= Beginning of Section =
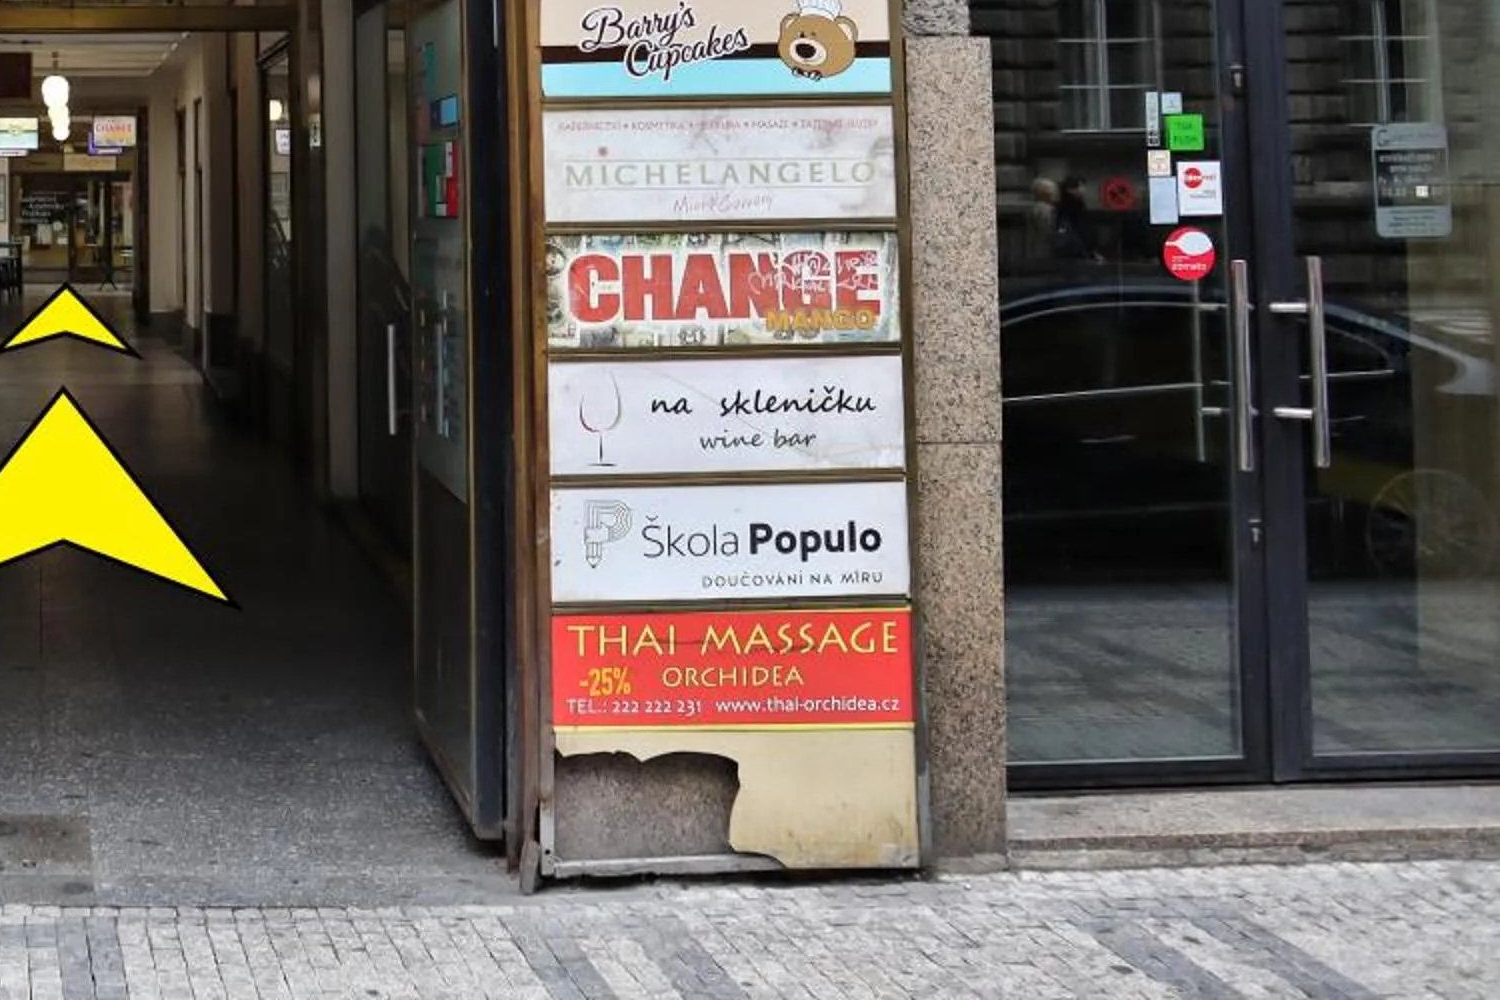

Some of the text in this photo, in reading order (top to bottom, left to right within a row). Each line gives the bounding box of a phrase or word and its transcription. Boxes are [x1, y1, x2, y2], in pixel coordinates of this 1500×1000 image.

[579, 1, 696, 53] Barry's
[623, 24, 750, 82] Cupcakes
[564, 160, 878, 188] MICHELANGELO
[568, 250, 881, 324] CHANGE
[650, 385, 877, 417] na skleničku
[699, 428, 817, 450] wine bar
[642, 515, 740, 558] Škola
[749, 520, 883, 563] Populo
[701, 569, 884, 589] DOUČOVÁNÍ NA MÍRU
[567, 621, 899, 657] THAI MASSAGE
[579, 665, 805, 697] -25% ORCHIDEA
[611, 699, 639, 714] 222
[644, 699, 672, 714] 222
[676, 699, 702, 717] 231
[714, 696, 901, 714] www.thai-orchidea.cz
= End of Section =
§ EXERCISE AIM
Each entry above should be copied word for word, with the images omitted.

§ SOLUTION
Some of the text in this photo, in reading order (top to bottom, left to right within a row). Each line gives the bounding box of a phrase or word and its transcription. Boxes are [x1, y1, x2, y2], in pixel coordinates of this 1500×1000 image.

[579, 1, 696, 53] Barry's
[623, 24, 750, 82] Cupcakes
[564, 160, 878, 188] MICHELANGELO
[568, 250, 881, 324] CHANGE
[650, 385, 877, 417] na skleničku
[699, 428, 817, 450] wine bar
[642, 515, 740, 558] Škola
[749, 520, 883, 563] Populo
[701, 569, 884, 589] DOUČOVÁNÍ NA MÍRU
[567, 621, 899, 657] THAI MASSAGE
[579, 665, 805, 697] -25% ORCHIDEA
[611, 699, 639, 714] 222
[644, 699, 672, 714] 222
[676, 699, 702, 717] 231
[714, 696, 901, 714] www.thai-orchidea.cz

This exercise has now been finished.